Recently at XKCD:
This is almost a perfect example of why so many computer geeks are progressives - they have faith in the ability of systems to adjust how people behave rather than adjusting those systems to how people work.
Of course reality is never that black and white.
If I'm starting up a steam turbine, or a computer, there may be leeway here and there, but certain things have to happen before certain other things. Period. In this case, people have to adapt to the system or they cannot take advantage of it.

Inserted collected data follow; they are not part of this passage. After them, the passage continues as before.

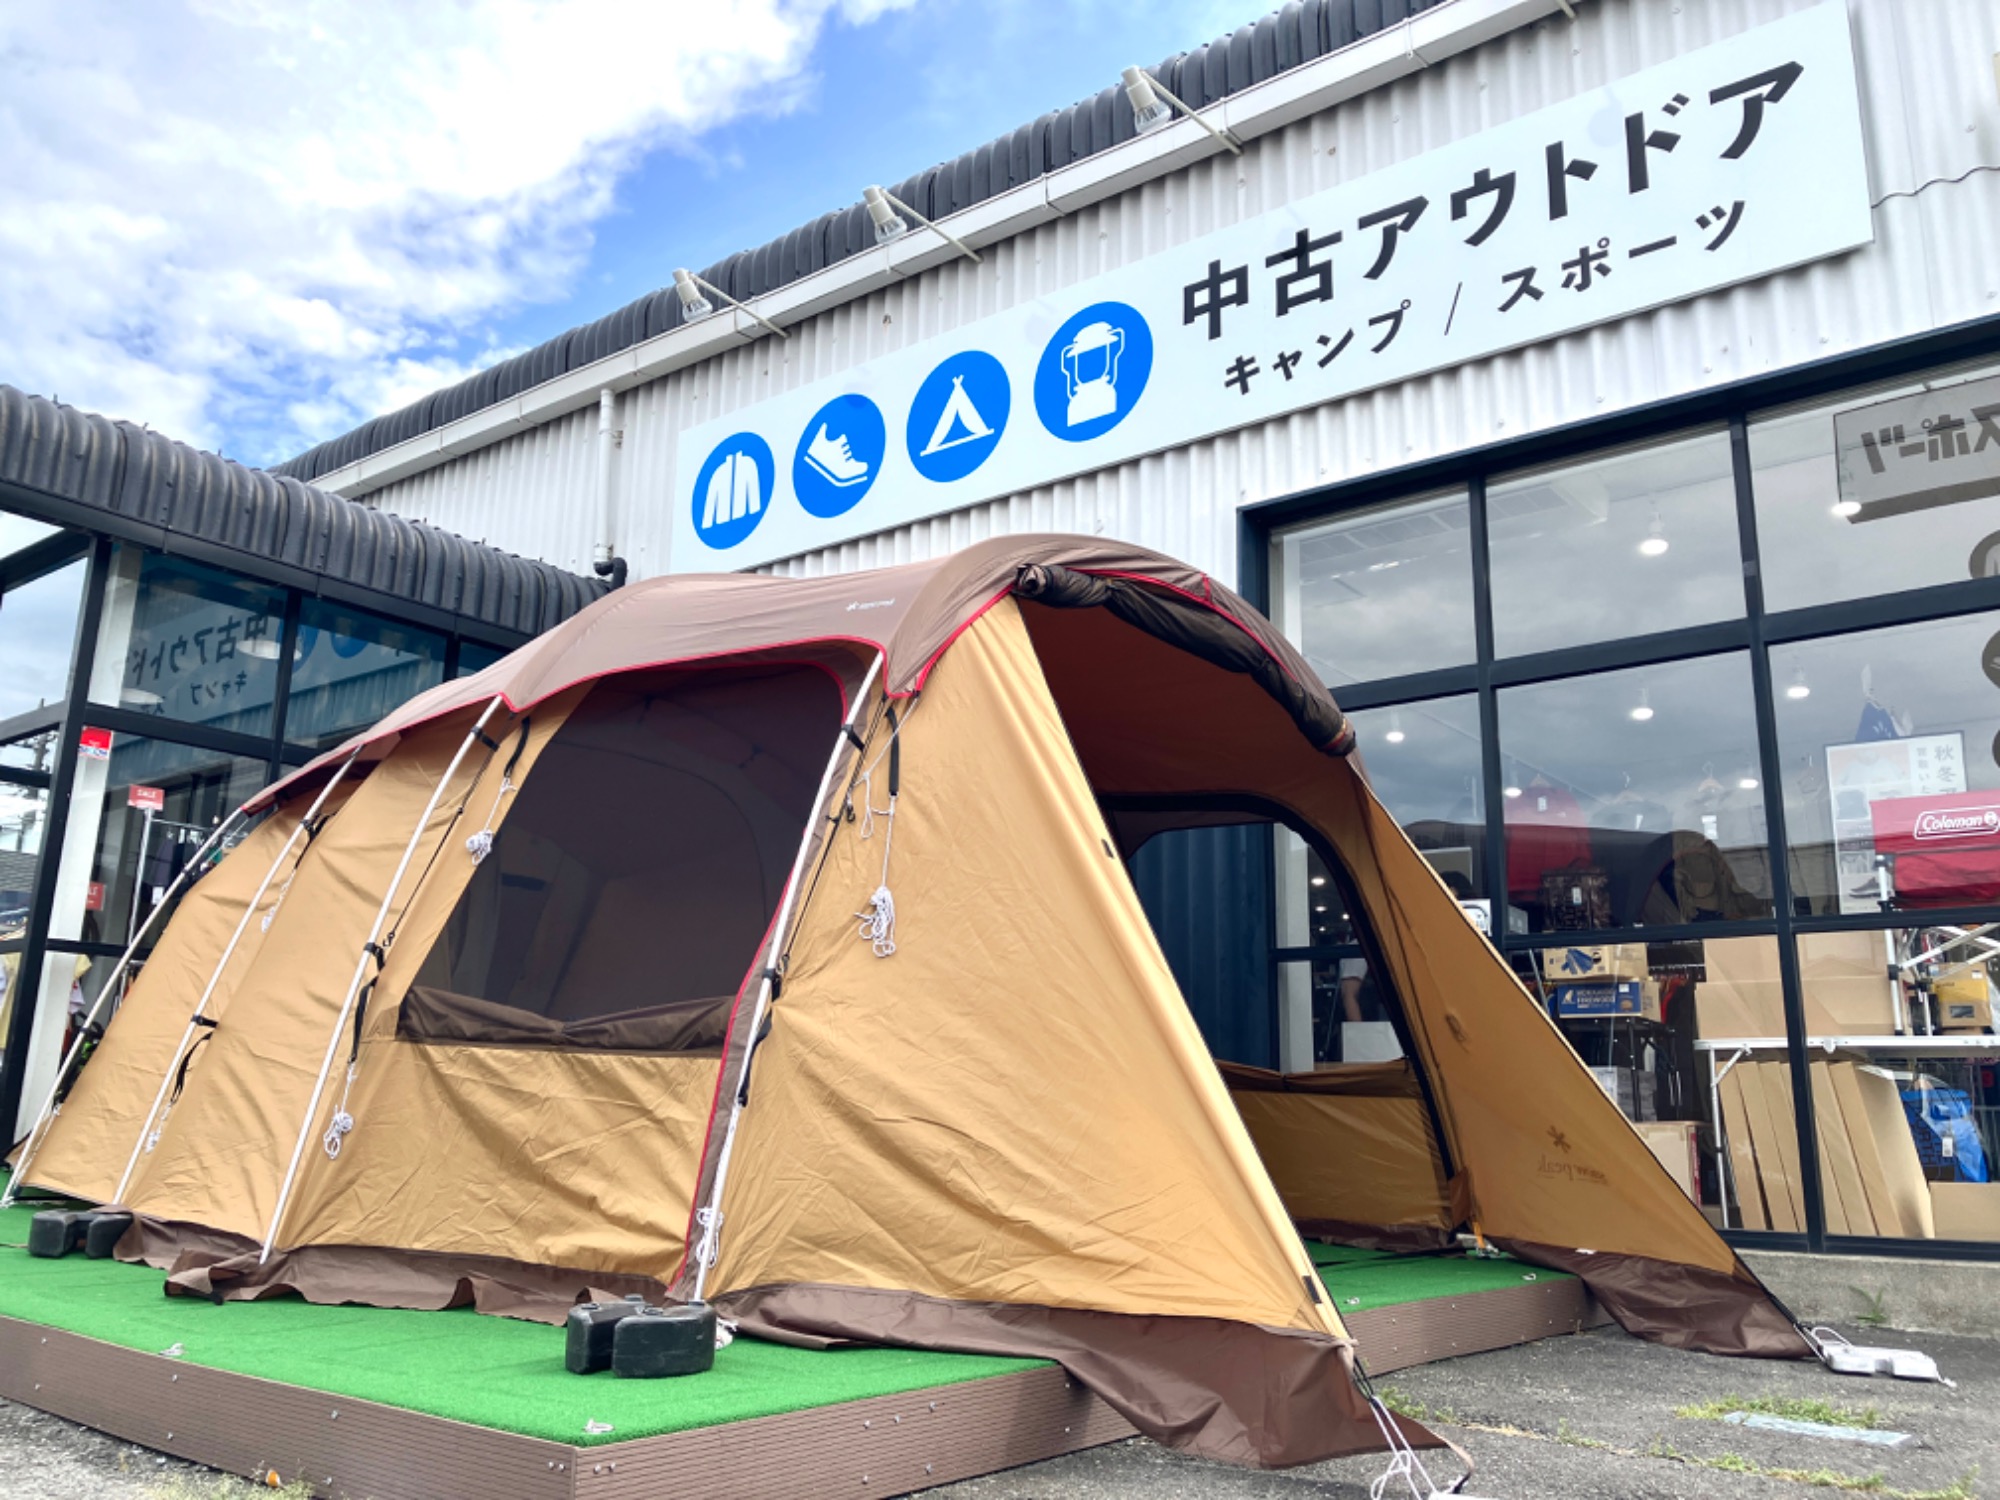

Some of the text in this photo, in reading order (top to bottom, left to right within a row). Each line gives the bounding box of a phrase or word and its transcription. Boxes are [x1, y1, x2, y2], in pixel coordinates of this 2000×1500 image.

[1182, 61, 1804, 341] 中古アウトドア
[1224, 299, 1412, 395] キャンプ
[1497, 200, 1746, 313] スポーツ
[1922, 814, 1983, 832] Coleman
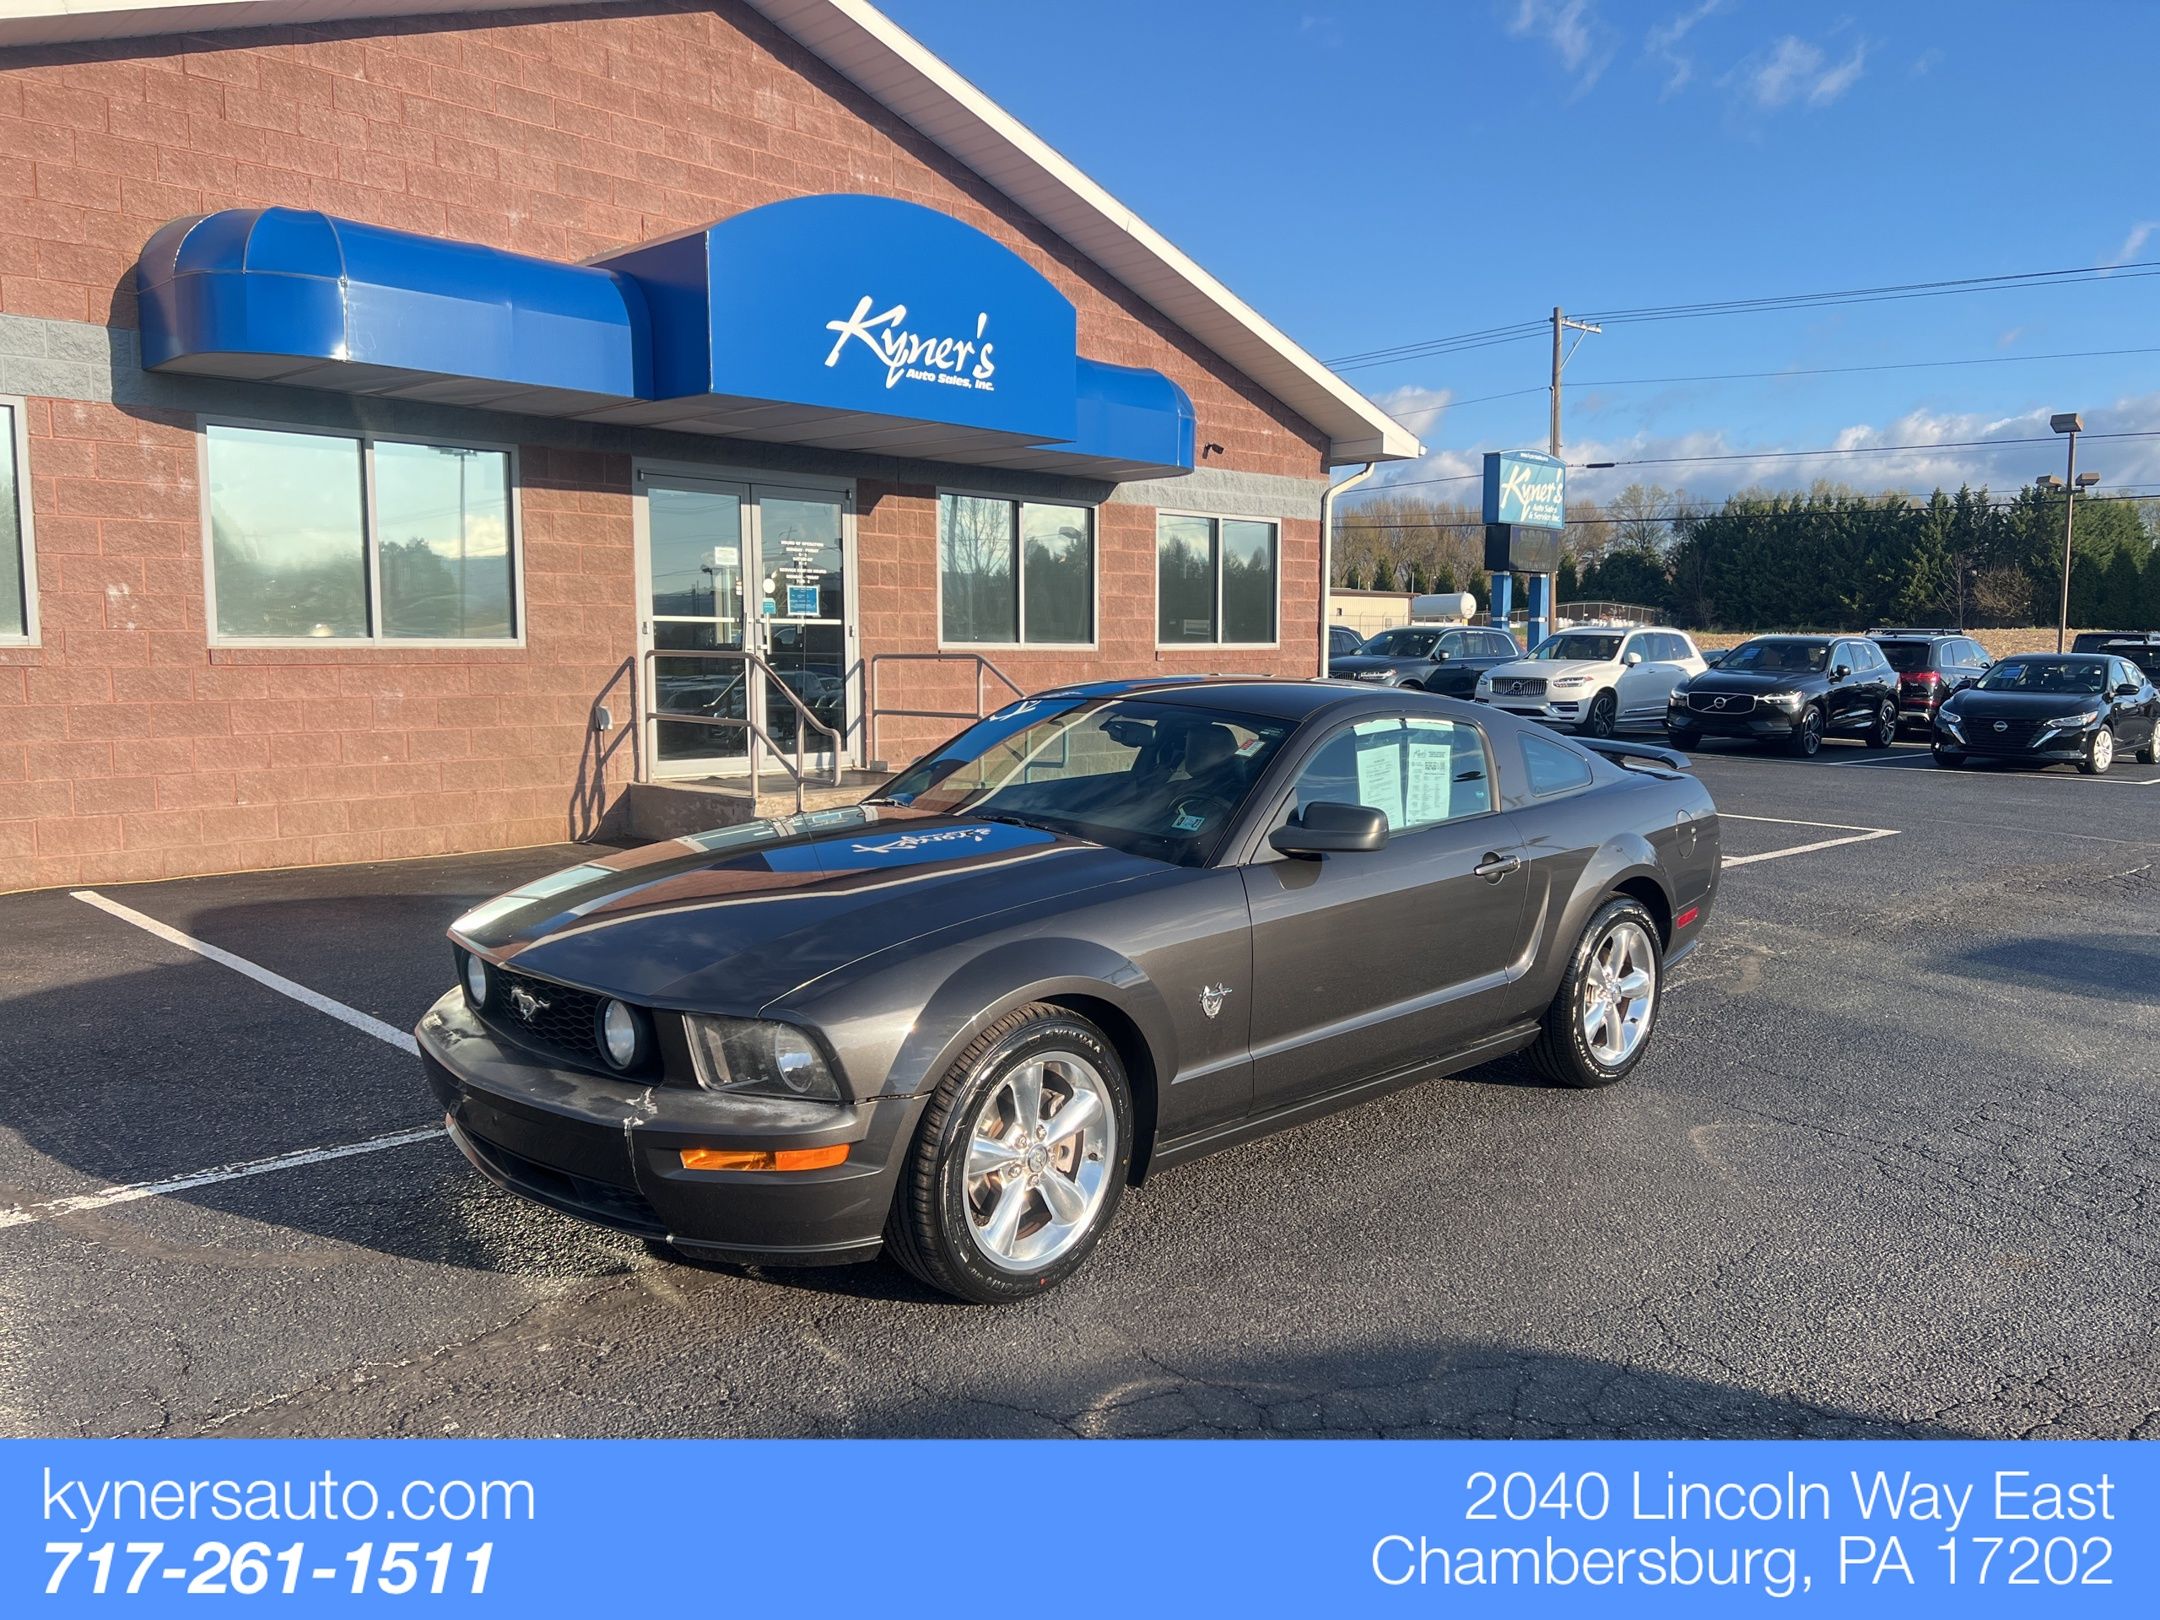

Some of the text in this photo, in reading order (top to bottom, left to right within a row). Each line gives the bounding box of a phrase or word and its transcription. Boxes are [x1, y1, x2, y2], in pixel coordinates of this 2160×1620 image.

[825, 295, 995, 389] Kyner's
[906, 368, 995, 391] Auto Sales, Inc.
[1500, 465, 1563, 522] Kyner's

That said, if you have a clunky design, what do you do? You start redesigning it, making it easier to manipulate - you start adapting the system to human needs, to simplify it, reducing error. Even if you can't make changes - as a nuke in the engineroom we spent countless hours rehearsing and evaluating, brainstorming, on exactly how to make the human workflow more effective, faster, more efficient, and less error-prone given the system limits we were working with, and the capabilities, personalities, strengths, and weaknesses of the people at the watch stations. In five years, no underway had quite the same startup procedure.
It's also why good teams can stand head to head with ersatz all star teams. They know each other, and where they will be.
Organically developed languages and procedures are messy - and over time, it's sometimes necessary to cut back the clutter and lay in a systemic foundation - but in starting over, or in working with what is in front of us, we should not be so arrogant as to think that we adapt the people to the system - and should focus on how to make the system, especially the workflow and set of decisions that need to be made, work for the people.